Each entry should be returned exactly as written, with no pictures carried over.

◆ **Text-to-region grounding data**:
- Opening Delimiter -

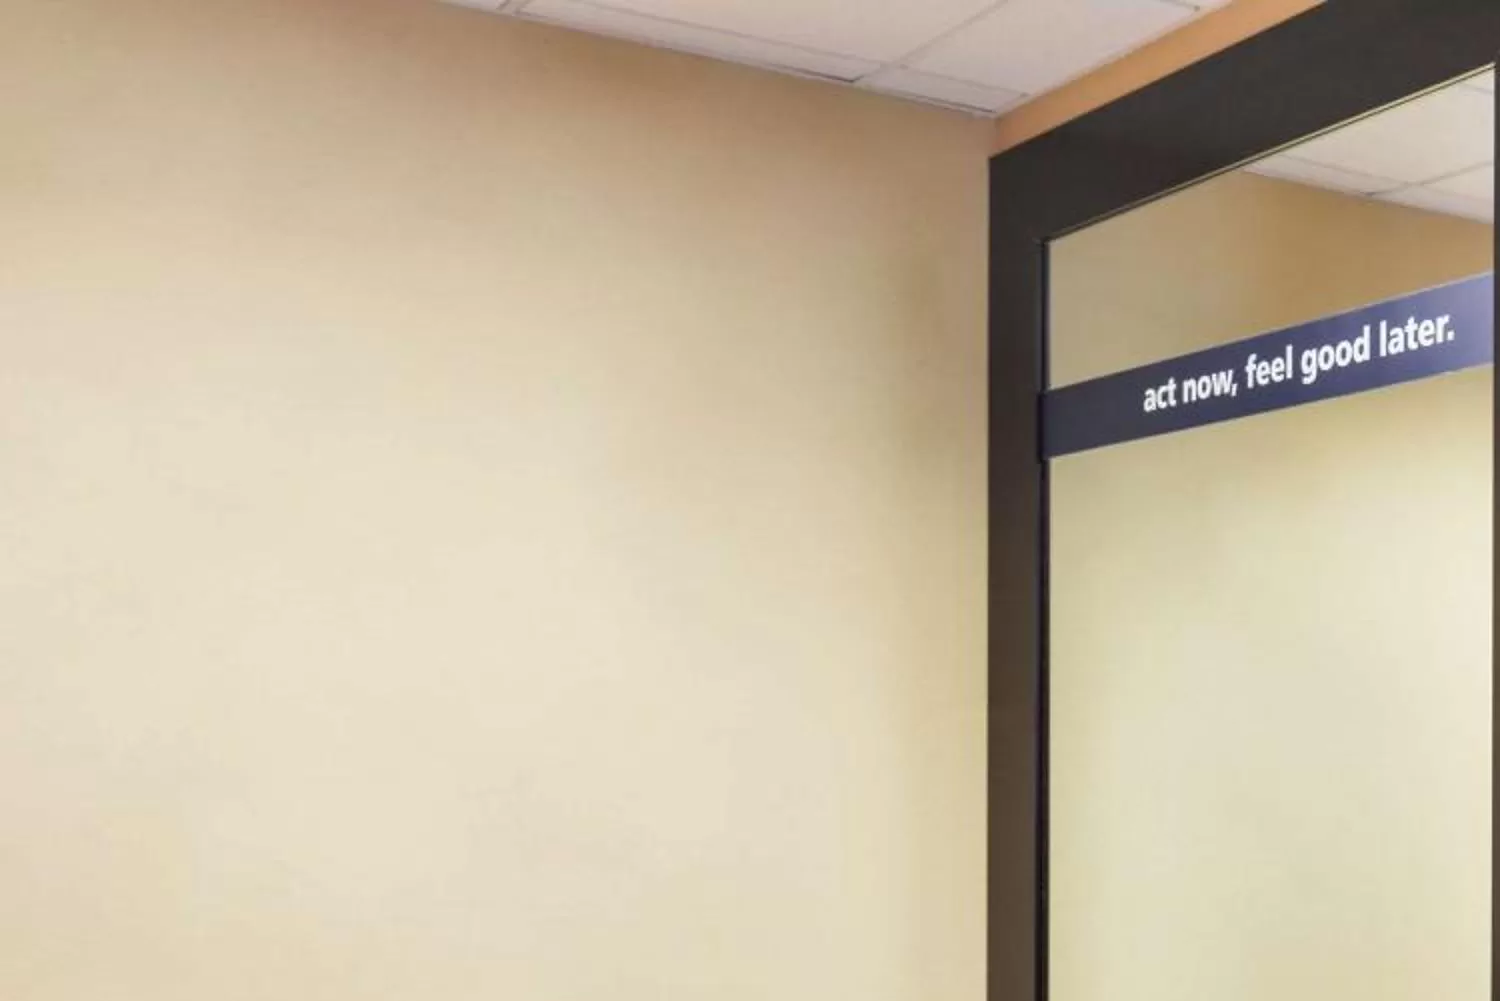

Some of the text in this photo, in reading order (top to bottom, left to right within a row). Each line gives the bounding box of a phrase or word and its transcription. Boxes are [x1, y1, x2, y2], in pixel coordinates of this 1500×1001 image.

[1142, 313, 1455, 412] act now, feel good later.
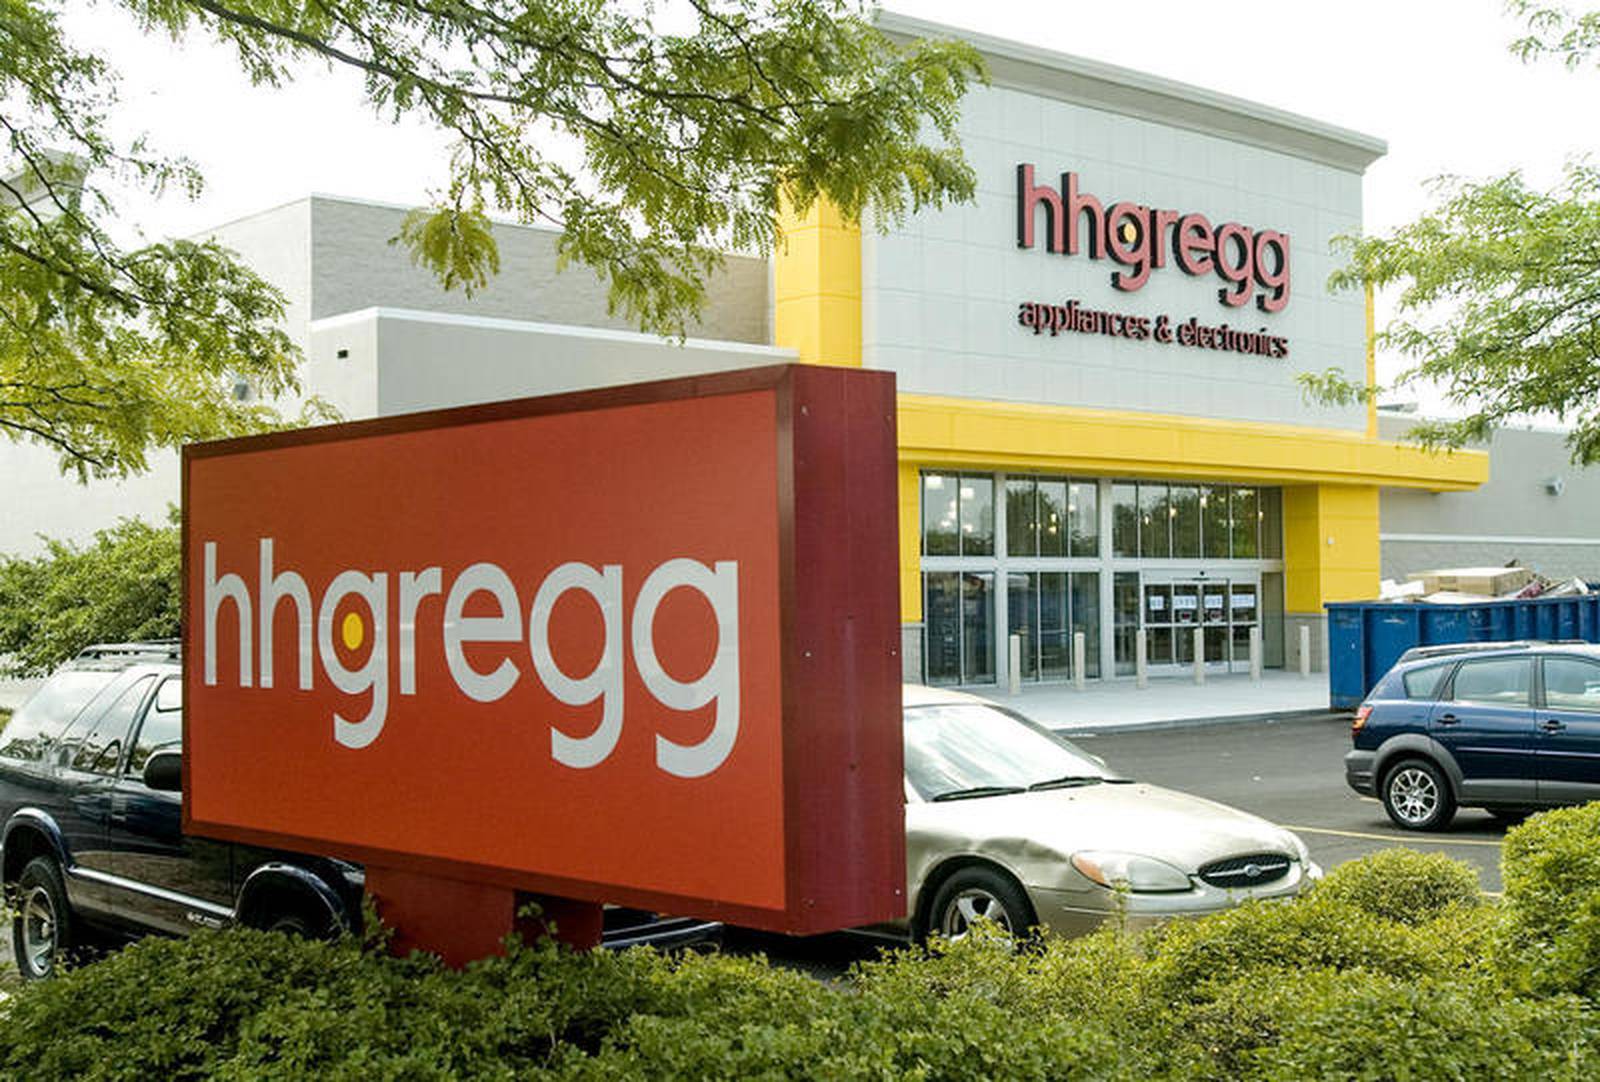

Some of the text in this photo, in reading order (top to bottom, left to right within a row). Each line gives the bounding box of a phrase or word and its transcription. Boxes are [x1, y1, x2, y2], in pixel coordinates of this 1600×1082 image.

[1017, 163, 1291, 313] hhgregg
[1019, 300, 1289, 358] appliances & electronics
[204, 537, 740, 778] hhgregg
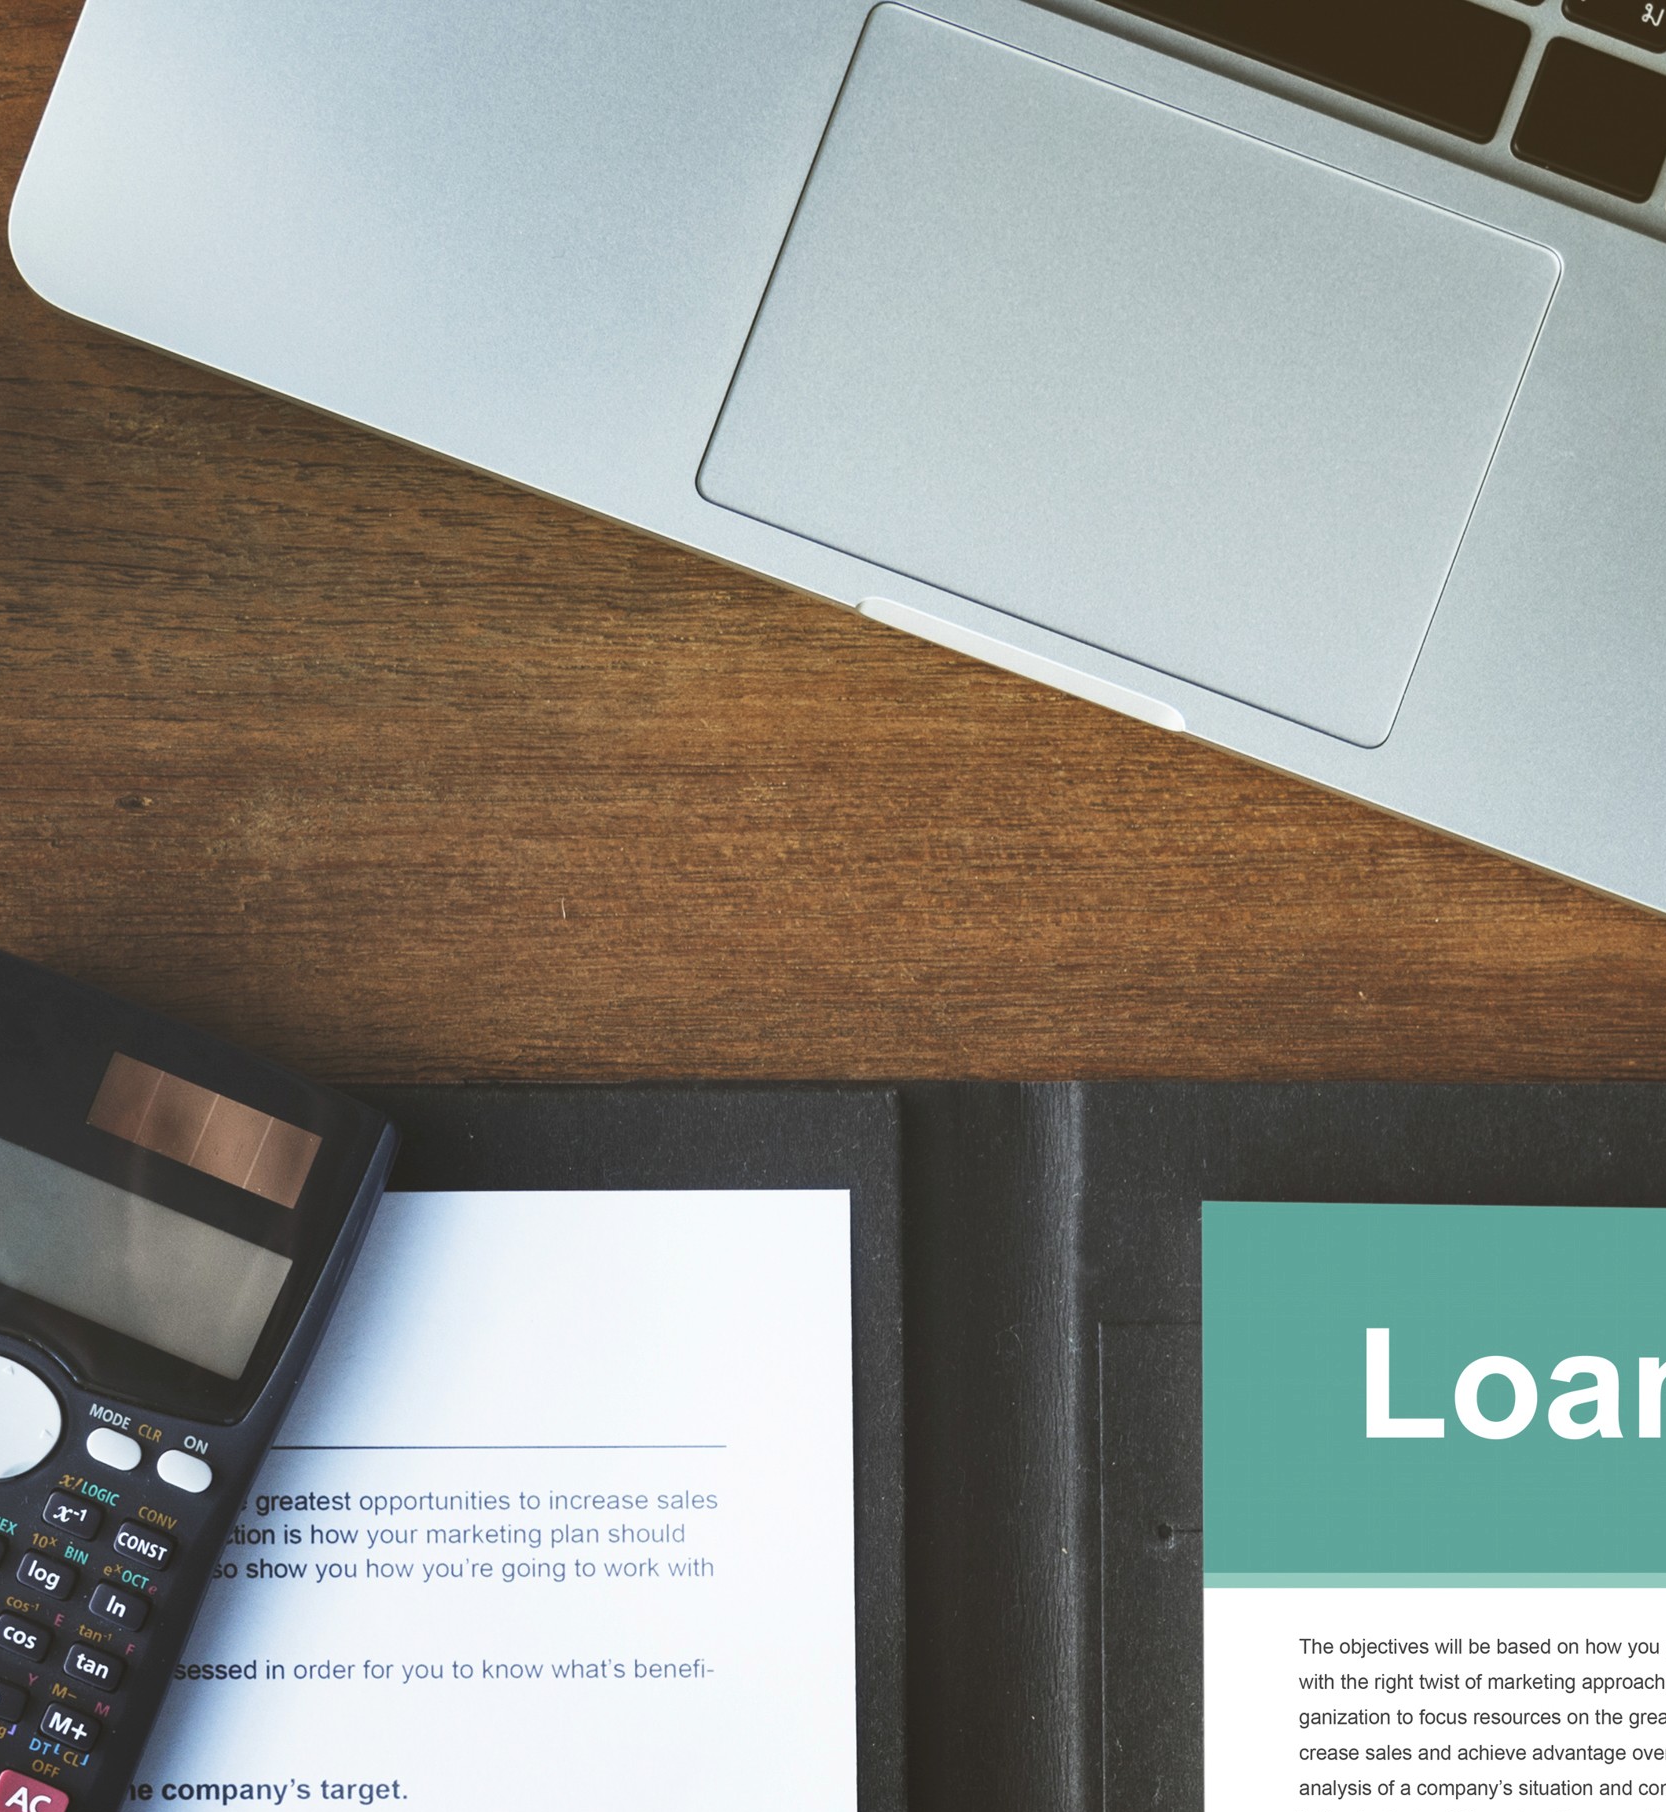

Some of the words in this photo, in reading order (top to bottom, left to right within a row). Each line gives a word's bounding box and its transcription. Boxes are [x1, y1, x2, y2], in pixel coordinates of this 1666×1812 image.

[89, 1403, 131, 1431] MODE
[138, 1423, 162, 1443] CLR
[183, 1435, 208, 1455] ON
[81, 1481, 120, 1506] LOGIC
[255, 1490, 352, 1513] greatest
[359, 1490, 511, 1516] opportunities
[519, 1491, 541, 1510] to
[549, 1490, 649, 1510] increase
[657, 1489, 718, 1509] sales
[138, 1506, 177, 1529] CONV
[117, 1532, 168, 1562] CONST
[27, 1560, 60, 1591] log
[105, 1595, 126, 1619] ln
[2, 1626, 38, 1650] cos
[1299, 1639, 1333, 1654] The
[1340, 1639, 1428, 1658] objectives
[1435, 1639, 1461, 1654] will
[1470, 1639, 1490, 1654] be
[1498, 1639, 1550, 1654] based
[1558, 1642, 1578, 1654] on
[1586, 1639, 1622, 1654] how
[1628, 1642, 1659, 1658] you
[76, 1652, 109, 1679] tan
[161, 1778, 312, 1806] company’s
[320, 1779, 408, 1805] target.

- Closing Delimiter -

◆ **SOLUTION**:
Some of the text in this photo, in reading order (top to bottom, left to right within a row). Each line gives the bounding box of a phrase or word and its transcription. Boxes are [x1, y1, x2, y2], in pixel coordinates of this 1500×1001 image.

[1142, 313, 1455, 412] act now, feel good later.

Some of the text in this photo, in reading order (top to bottom, left to right within a row). Each line gives the bounding box of a phrase or word and its transcription. Boxes are [x1, y1, x2, y2], in pixel coordinates of this 1600×1082 image.

[1017, 163, 1291, 313] hhgregg
[1019, 300, 1289, 358] appliances & electronics
[204, 537, 740, 778] hhgregg

Some of the words in this photo, in reading order (top to bottom, left to right within a row). Each line gives a word's bounding box and its transcription. Boxes are [x1, y1, x2, y2], in pixel coordinates of this 1666×1812 image.

[89, 1403, 131, 1431] MODE
[138, 1423, 162, 1443] CLR
[183, 1435, 208, 1455] ON
[81, 1481, 120, 1506] LOGIC
[255, 1490, 352, 1513] greatest
[359, 1490, 511, 1516] opportunities
[519, 1491, 541, 1510] to
[549, 1490, 649, 1510] increase
[657, 1489, 718, 1509] sales
[138, 1506, 177, 1529] CONV
[117, 1532, 168, 1562] CONST
[27, 1560, 60, 1591] log
[105, 1595, 126, 1619] ln
[2, 1626, 38, 1650] cos
[1299, 1639, 1333, 1654] The
[1340, 1639, 1428, 1658] objectives
[1435, 1639, 1461, 1654] will
[1470, 1639, 1490, 1654] be
[1498, 1639, 1550, 1654] based
[1558, 1642, 1578, 1654] on
[1586, 1639, 1622, 1654] how
[1628, 1642, 1659, 1658] you
[76, 1652, 109, 1679] tan
[161, 1778, 312, 1806] company’s
[320, 1779, 408, 1805] target.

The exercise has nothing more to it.